Sur les chantiers, les règles sont plus concrètes encore. D’après l’INRS et le Code du travail, l’eau potable fraîche doit être accessible; lorsqu’il est impossible d’installer l’eau courante, une quantité minimale de trois litres par jour et par travailleur est prévue. NextPlz rappelle aussi que les moins de 18 ans ne doivent pas être exposés à des températures extrêmes.
Pourquoi le 1er juillet 2025 compte
Pendant des années, la chaleur au travail a surtout été traitée par l’obligation générale de sécurité. Depuis le décret de 2025, les épisodes de chaleur intense sont davantage encadrés par la réglementation, avec des mesures attendues dès les niveaux de vigilance de Météo-France.
Eau, pauses, soleil: le danger se juge sur le terrain
Selon l’INRS, la chaleur peut provoquer fatigue, sueurs abondantes, nausées, maux de tête, vertiges ou crampes. Les risques ne s’arrêtent pas au malaise: la vigilance baisse, les temps de réaction s’allongent et la transpiration peut gêner les gestes. Le coup de chaleur est présenté par l’INRS comme une urgence médicale potentiellement mortelle.

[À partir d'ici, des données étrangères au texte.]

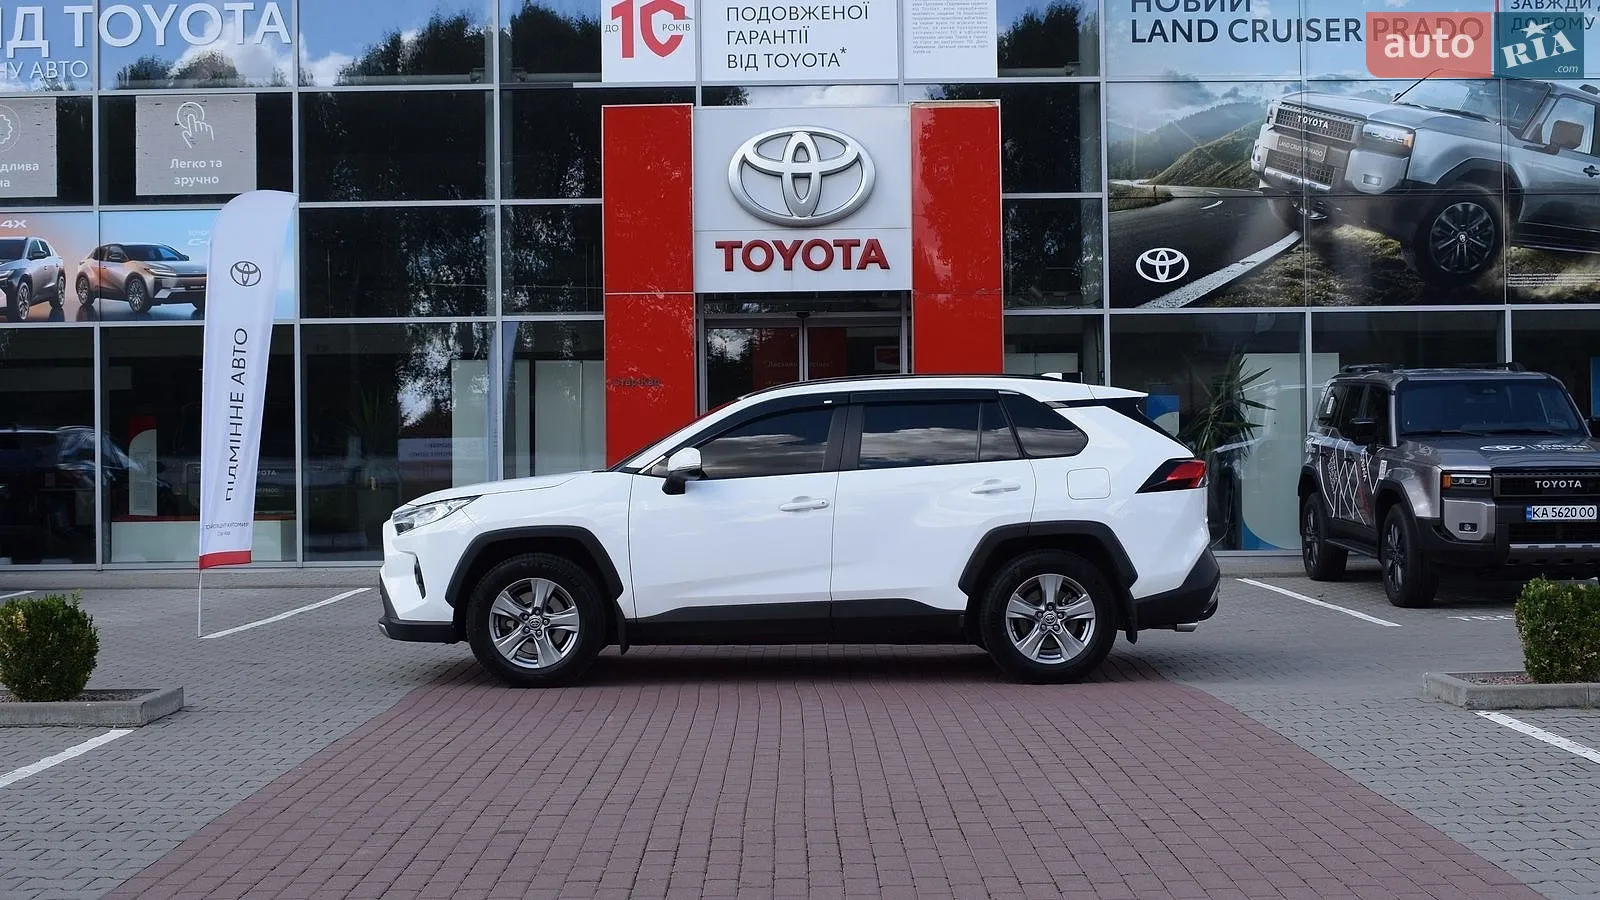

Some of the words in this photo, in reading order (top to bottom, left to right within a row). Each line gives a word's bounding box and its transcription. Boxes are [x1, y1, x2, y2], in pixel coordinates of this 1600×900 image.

[727, 1, 870, 24] ПОДОВЖЕНОЇ
[1511, 0, 1591, 12] ЗАВЖДИ
[64, 2, 292, 48] TOYOTA
[605, 24, 619, 33] ДО
[662, 23, 691, 32] РОКІВ
[1131, 19, 1219, 43] LAND
[1228, 18, 1363, 43] CRUISER
[1372, 17, 1484, 42] PRADO
[727, 26, 810, 45] ГАРАНТІЇ
[30, 60, 89, 79] АВТО
[727, 53, 759, 71] ВІД
[1297, 115, 1329, 130] TOYOTA
[170, 158, 207, 169] Легко
[209, 160, 223, 168] та
[174, 176, 220, 188] зручно
[715, 238, 890, 272] TOYOTA
[231, 328, 248, 386] АВТО
[1534, 480, 1583, 489] TOYOTA
[1532, 506, 1549, 519] KA
[1551, 506, 1577, 519] 5620
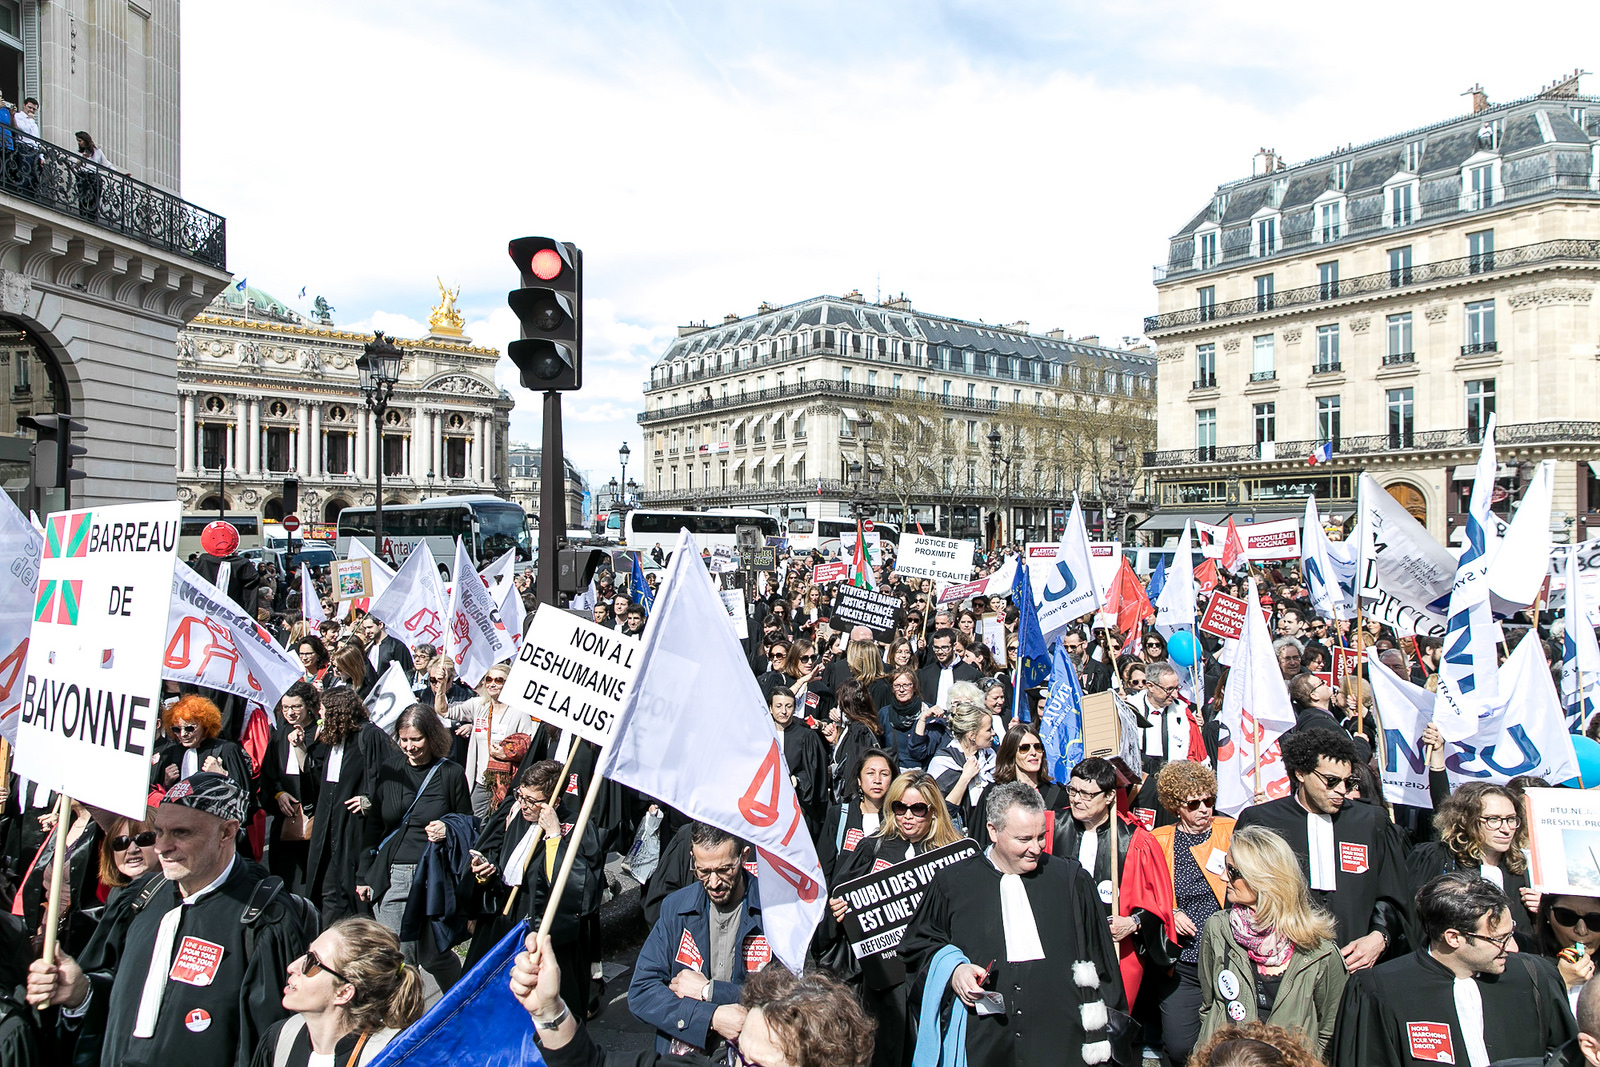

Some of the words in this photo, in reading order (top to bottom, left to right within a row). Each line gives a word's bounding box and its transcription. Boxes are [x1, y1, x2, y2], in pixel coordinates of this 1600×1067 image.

[212, 379, 251, 388] ACADEMIE
[257, 383, 292, 391] NATIONALE
[313, 388, 345, 396] MUSIQUE
[1178, 486, 1211, 496] MATY
[1276, 482, 1318, 492] MATY
[89, 521, 177, 553] BARREAU
[914, 537, 946, 548] JUSTICE
[1248, 531, 1295, 543] ANGOULÊME
[1256, 538, 1288, 548] COGNAC
[382, 537, 417, 563] AntaV
[896, 565, 927, 576] JUSTICE
[929, 569, 970, 582] D'EGALITE
[108, 585, 134, 616] DE
[839, 584, 869, 600] CITOYENS
[869, 591, 879, 602] EN
[877, 593, 902, 609] DANGER
[1217, 597, 1240, 611] NOUS
[841, 596, 866, 610] JUSTICE
[866, 602, 895, 618] MENACÉE
[180, 579, 288, 664] Magistrature
[461, 589, 503, 652] Magistrature
[835, 606, 863, 620] AVOCATS
[863, 612, 873, 623] EN
[871, 615, 895, 629] COLÈRE
[1211, 612, 1230, 624] POUR
[1208, 619, 1235, 635] DROITS
[570, 626, 610, 658] NON
[523, 679, 549, 706] DE
[548, 690, 571, 717] LA
[22, 674, 150, 756] BAYONNE
[888, 870, 918, 895] DES
[857, 907, 884, 933] EST
[882, 898, 914, 924] UNE
[185, 941, 198, 949] UNE
[198, 944, 218, 955] JUSTICE
[860, 929, 902, 955] REFUSONS
[180, 954, 197, 963] AVEC
[183, 947, 201, 956] POUR
[177, 960, 206, 973] PARTOUT
[1411, 1031, 1447, 1040] MARCHONS
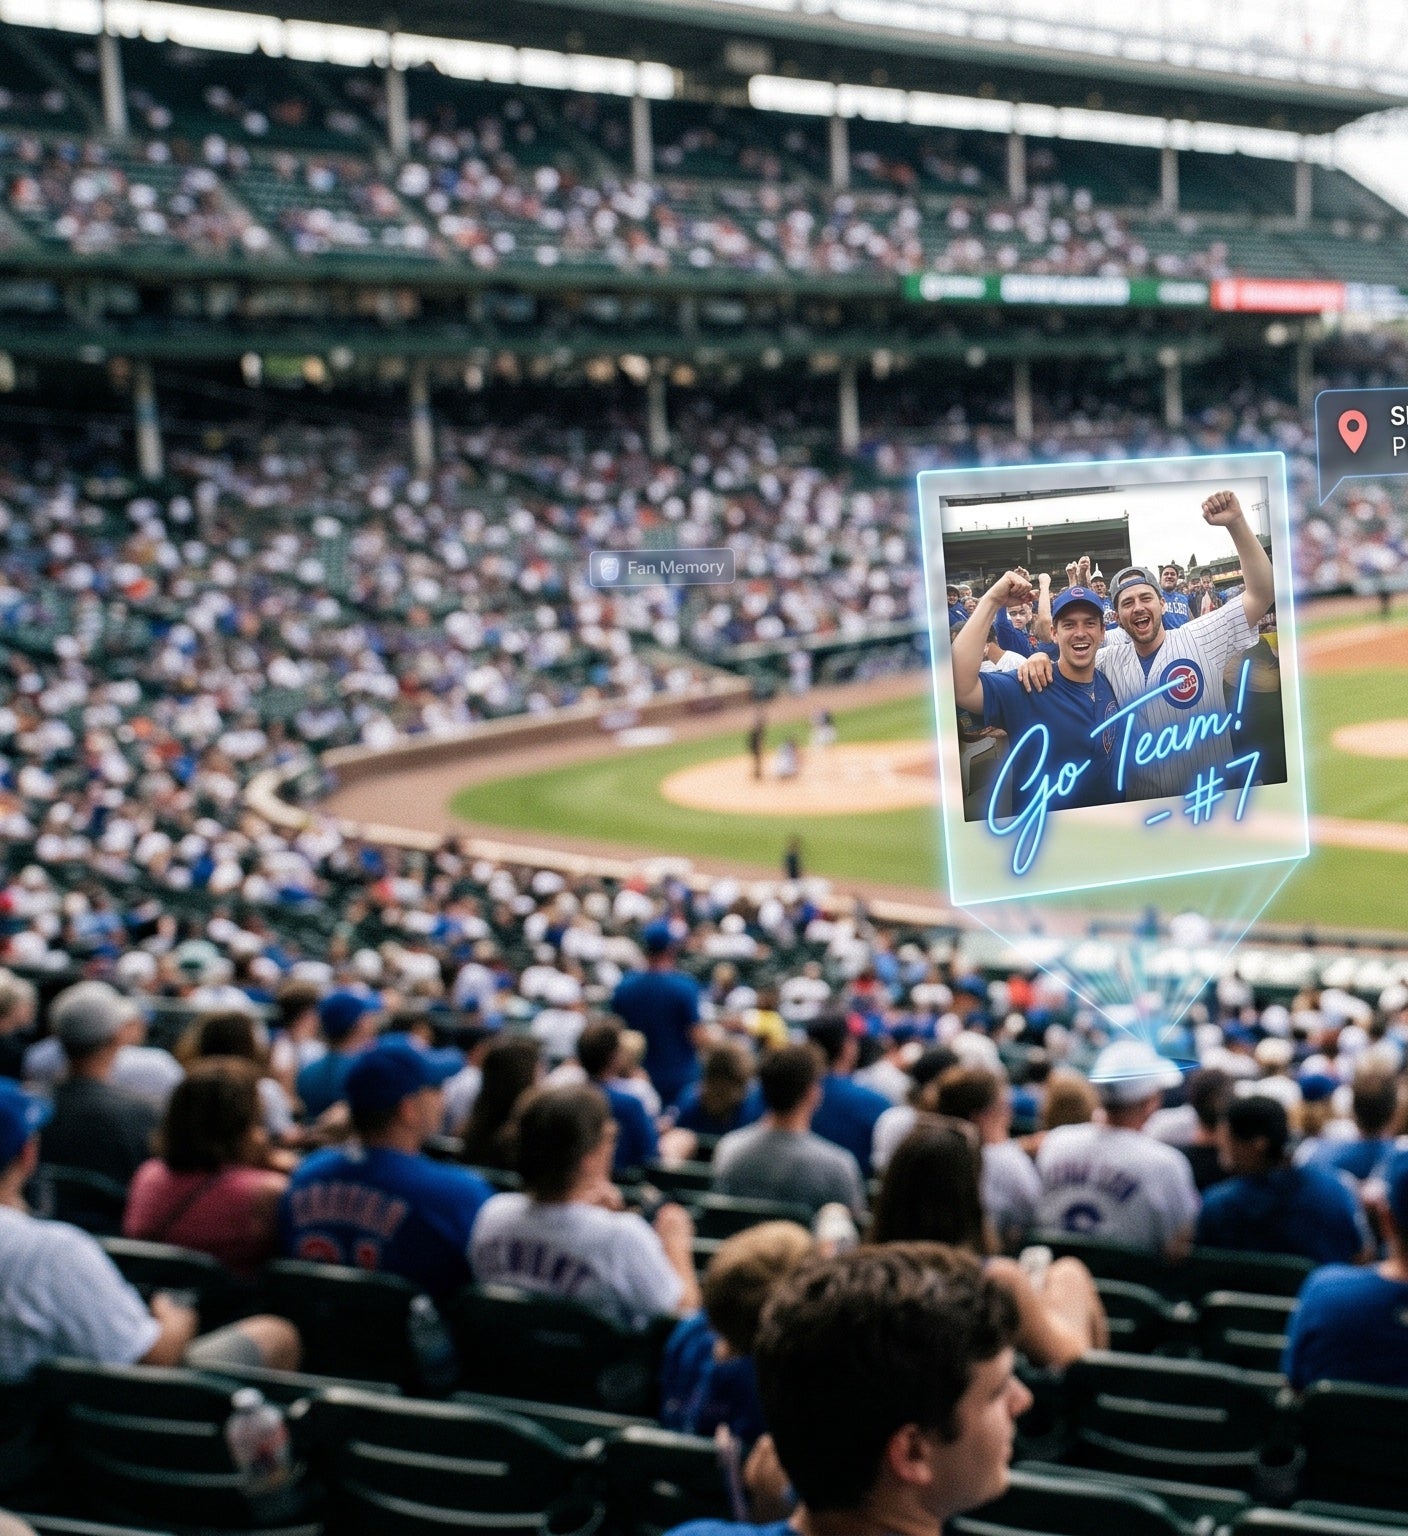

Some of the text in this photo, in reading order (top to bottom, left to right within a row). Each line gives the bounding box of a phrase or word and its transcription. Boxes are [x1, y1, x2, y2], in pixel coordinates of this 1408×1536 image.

[988, 658, 1250, 876] Go Team!
[1184, 751, 1261, 826] #7
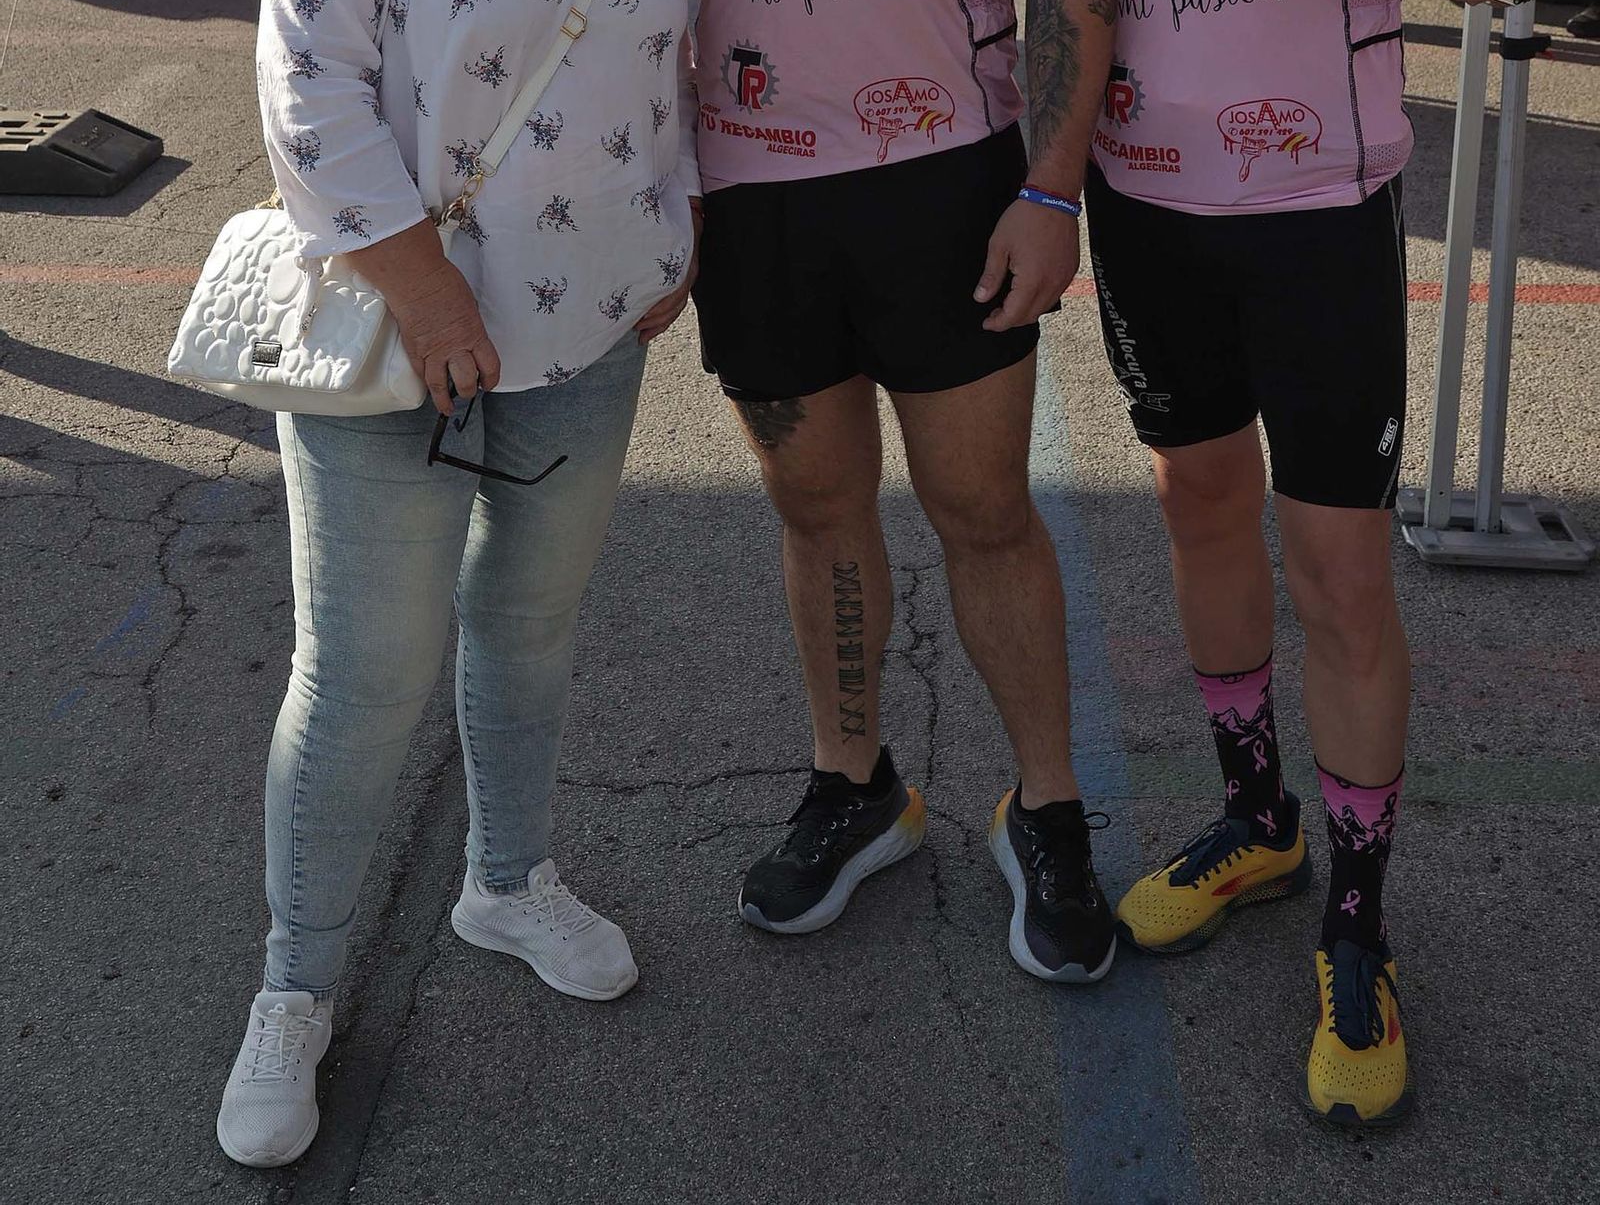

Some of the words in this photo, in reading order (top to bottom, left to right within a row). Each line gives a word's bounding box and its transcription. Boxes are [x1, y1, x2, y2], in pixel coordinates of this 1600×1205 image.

[865, 81, 940, 107] JOSAMO
[1228, 102, 1306, 130] JOSAMO
[720, 119, 817, 147] RECAMBIO
[1094, 129, 1181, 164] RECAMBIO
[766, 143, 816, 158] ALGECIRAS
[1127, 162, 1181, 173] ALGECIRAS

L’exemple donné par NextPlz montre pourquoi le thermomètre ne suffit pas. Un ouvrier du BTP à 29 °C, en plein soleil, sans eau ni ombre, peut être dans une situation plus dangereuse qu’un salarié de bureau à 31 °C avec ventilation, pauses et accès permanent à l’eau. Le contexte de travail change donc toute l’analyse.
NextPlz rapporte qu’autour de 33 °C, le risque d’accident du travail mortel serait multiplié par trois selon les repères diffusés par l’INRS et l’Assurance maladie. L’article ajoute que le rythme cardiaque grimpe de 10 à 15 battements par minute à chaque degré supplémentaire. Ces données renforcent l’intérêt d’une prévention précoce, avant la situation limite.
Droit de retrait: l’alerte écrite limite le risque de sanction
Le droit de retrait est prévu par l’article L4131-1 du Code du travail. Selon Service-Public.fr, il s’applique lorsqu’un salarié a un « motif raisonnable de penser » que sa situation de travail présente un danger grave et imminent pour sa vie ou sa santé. La chaleur peut entrer dans ce cadre, mais seulement si les faits le justifient.